How to create a Glue Workflow programmatically?

0

Is there a way to create a Glue workflow programmatically?

I looked at CloudFormation but the only one I found is to create an empty Workflow (just Workflow name, Description and properties). https://docs.aws.amazon.com/AWSCloudFormation/latest/UserGuide/aws-resource-glue-workflow.html

I tried to look at the APIs as well (https://docs.aws.amazon.com/glue/latest/dg/aws-glue-api-workflow.html), and even if there are all the data type for all the structures the only create API is again only adding the blank box.

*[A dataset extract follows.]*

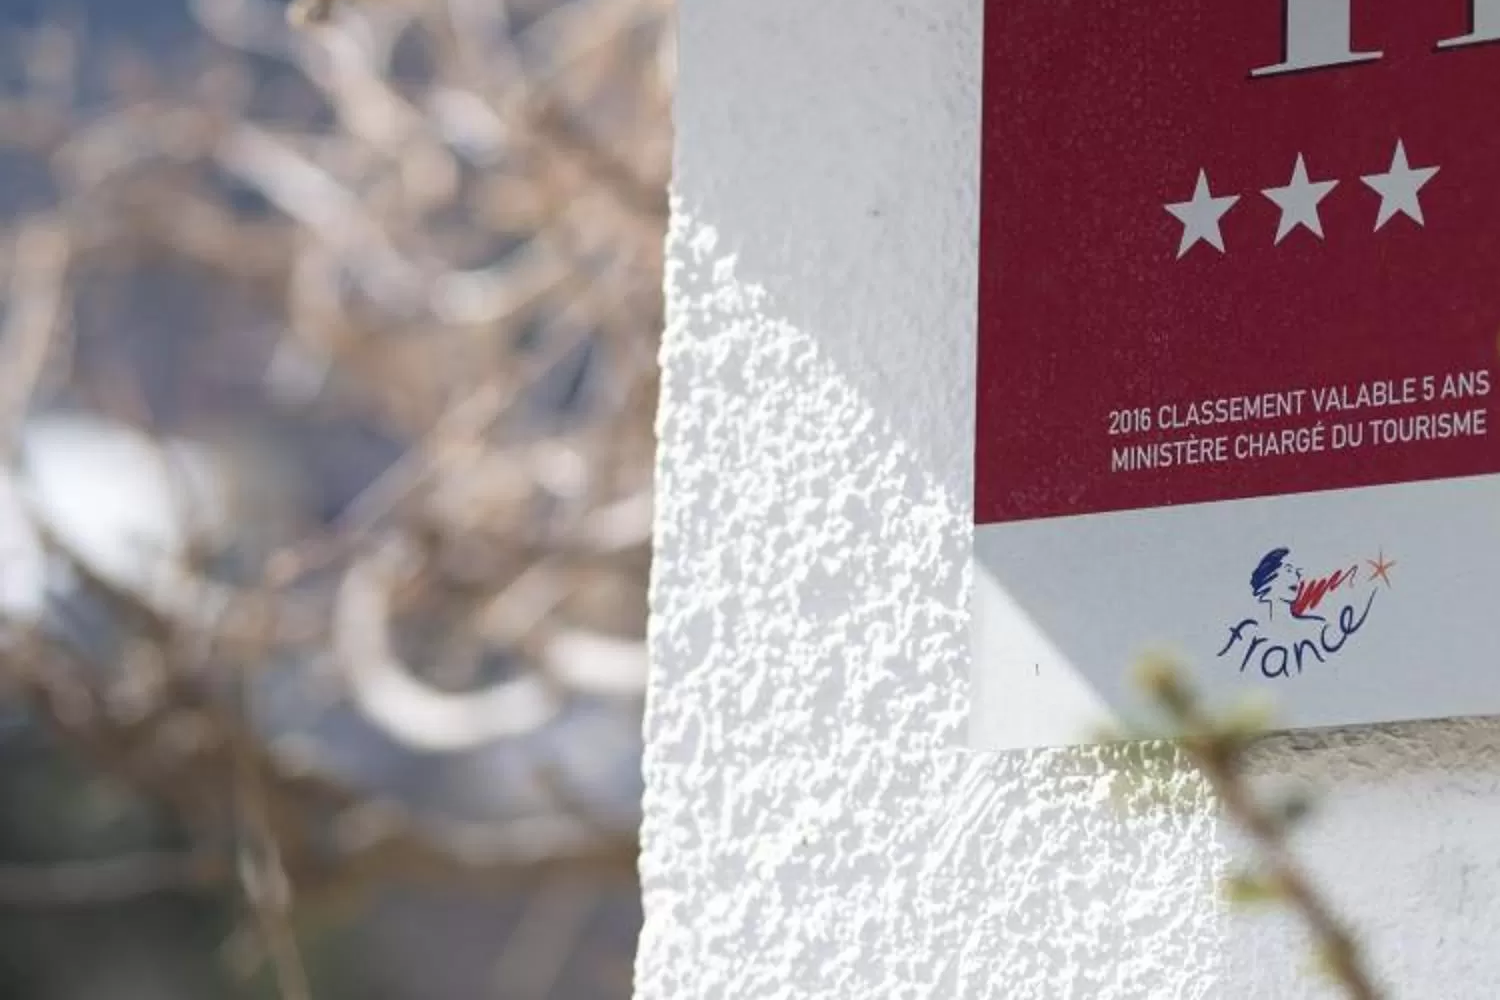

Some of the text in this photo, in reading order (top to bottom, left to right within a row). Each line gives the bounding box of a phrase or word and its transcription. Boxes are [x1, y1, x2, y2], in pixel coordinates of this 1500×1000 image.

Am I missing something? How do we create the workflow from the blueprint in Lake Formation? is some sort of pre-assembled JSON file that we just link to the workflow in glue?

can you do something similar, or need to wait for the customizable blueprints? Thank you

UPDATE:

As it can be derived from the snippet of code from the Accepted Answer, the key is to consider that it is actually the :

AWS::Glue::Trigger

construct that helps you build the Workflow.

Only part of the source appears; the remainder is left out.